Entretien avec Maria Candea : « Le langage est politique »

Quoi de plus normal que d’interroger politiquement un objet politique, le langage ? Oui, un objet politique, historique et social. Sait-on assez que le masculin ne l’a pas toujours emporté sur le féminin ? Que l’Académie française, qui assure décréter ce qu’est le « bon français », est pour l’essentiel composée d’absentéistes ? Une interview de Maria Candea linguiste à Paris 3 parue dans la revue Ballast.

On a tendance à penser la langue comme apolitique et anhistorique : peut-être est-ce l’une des raisons qui nous conduit à ne pas prendre la mesure de toutes ces manipulations ? »

Oui. On ne connaît pas l’histoire de la langue ni celle de la normalisation de la langue. Ce n’est absolument pas enseigné à l’école et on en voit les effets — par exemple avec les croyances au sujet de l’orthographe. Les gens pensent sincèrement que « la langue de Molière » est la même que la nôtre, que si on fait une réforme de l’orthographe on va déformer « la langue de Molière ». Alors que Molière, comme Racine, c’est retranscrit, c’est retraduit. Il y a eu plusieurs réformes de l’orthographe depuis les éditions de la fin du XVIIe, qu’on peut retrouver sur Gallica. Ce qui a changé, c’est le vocabulaire, en partie, la syntaxe, un peu, mais surtout l’orthographe. Elle était très différente au XVIIe siècle : pas de différence entre le u et le v, pas de circonflexe, l’usage des tildes pour noter les nasales…

L’orthographe est historique, mais serait-elle aussi politique ?
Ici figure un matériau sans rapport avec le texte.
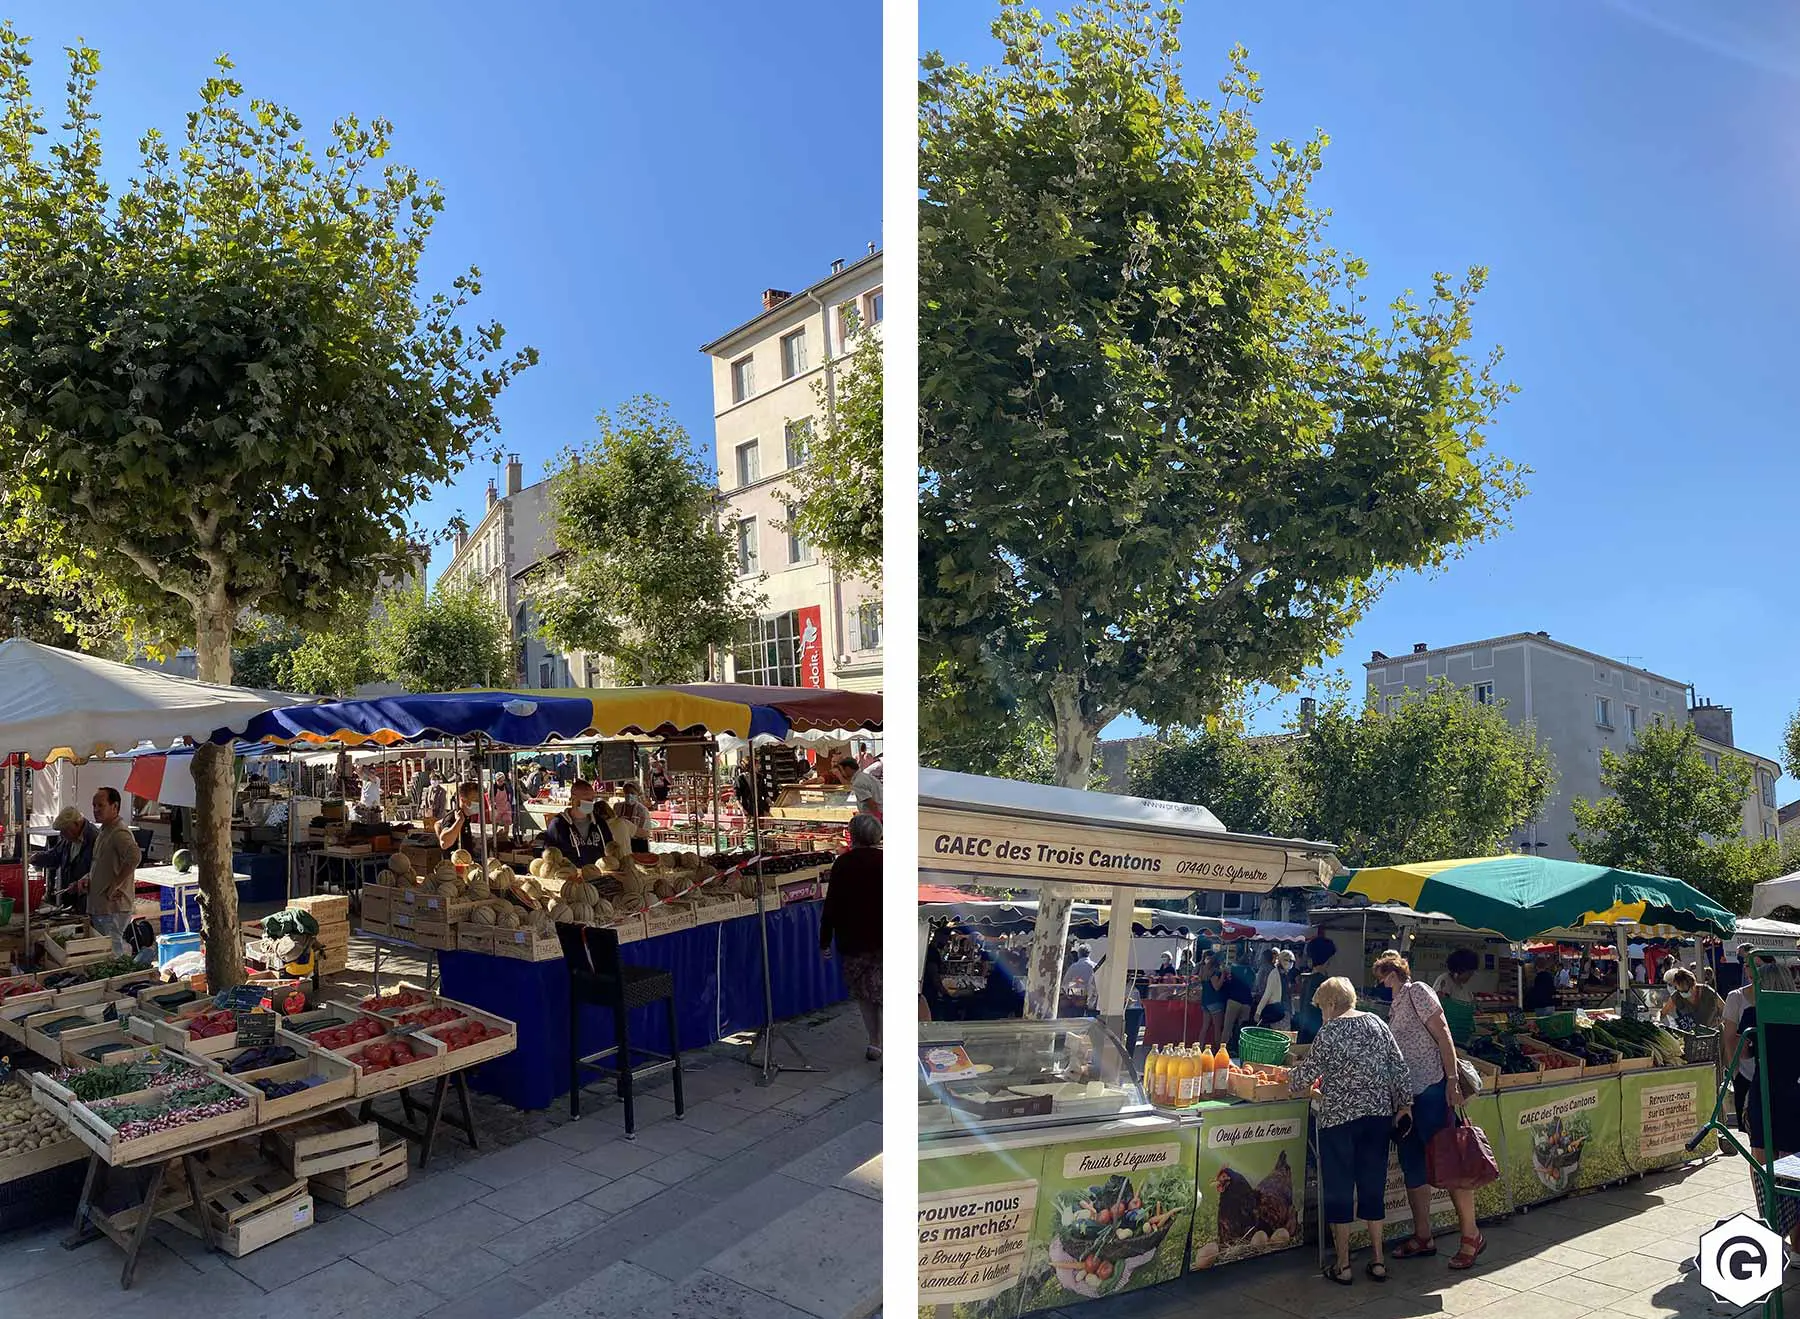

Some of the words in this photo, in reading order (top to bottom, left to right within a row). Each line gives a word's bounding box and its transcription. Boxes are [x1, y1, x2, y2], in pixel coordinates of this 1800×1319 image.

Oui. Il y a toujours eu plusieurs variantes orthographiques en concurrence dans les usages, mais la tradition de l’Académie française a toujours été de choisir les variantes les plus difficiles. C’était un choix nettement politique et élitiste ; il s’agissait de choisir les variantes les plus éloignées de l’écriture « des ignorants et des simples femmes », qui avaient très peu accès à l’éducation scolaire et qui écrivaient de manière plus proche de la prononciation. Pourtant, le courant « phonétiste », qui plaidait pour une écriture proche de la prononciation, a existé dès le XVIIe siècle, y compris parmi les premiers académiciens, mais il n’a jamais réussi à s’imposer. Pendant longtemps, l’écriture a été dissociée de l’orthographe. On apprenait d’abord à écrire et puis ensuite, éventuellement, à « mettre l’orthographe » en lien avec l’étude du latin et du grec. À l’époque, jusqu’au XIXe-XXe, l’orthographe n’est vraiment pas destinée à tous : c’est une pratique de distinction sociale. Cela a posé beaucoup de problèmes quand, à la fin du XIXe, avec la démocratisation de l’enseignement, il s’est agi d’enseigner à tout le monde quelque chose qui avait justement été inventé pour ne pas être pour tout le monde. On souffre actuellement de cette situation-là dans l’enseignement, par rapport à d’autres langues romanes comme l’espagnol, dont l’orthographe respecte bien davantage la prononciation et non l’étymologie.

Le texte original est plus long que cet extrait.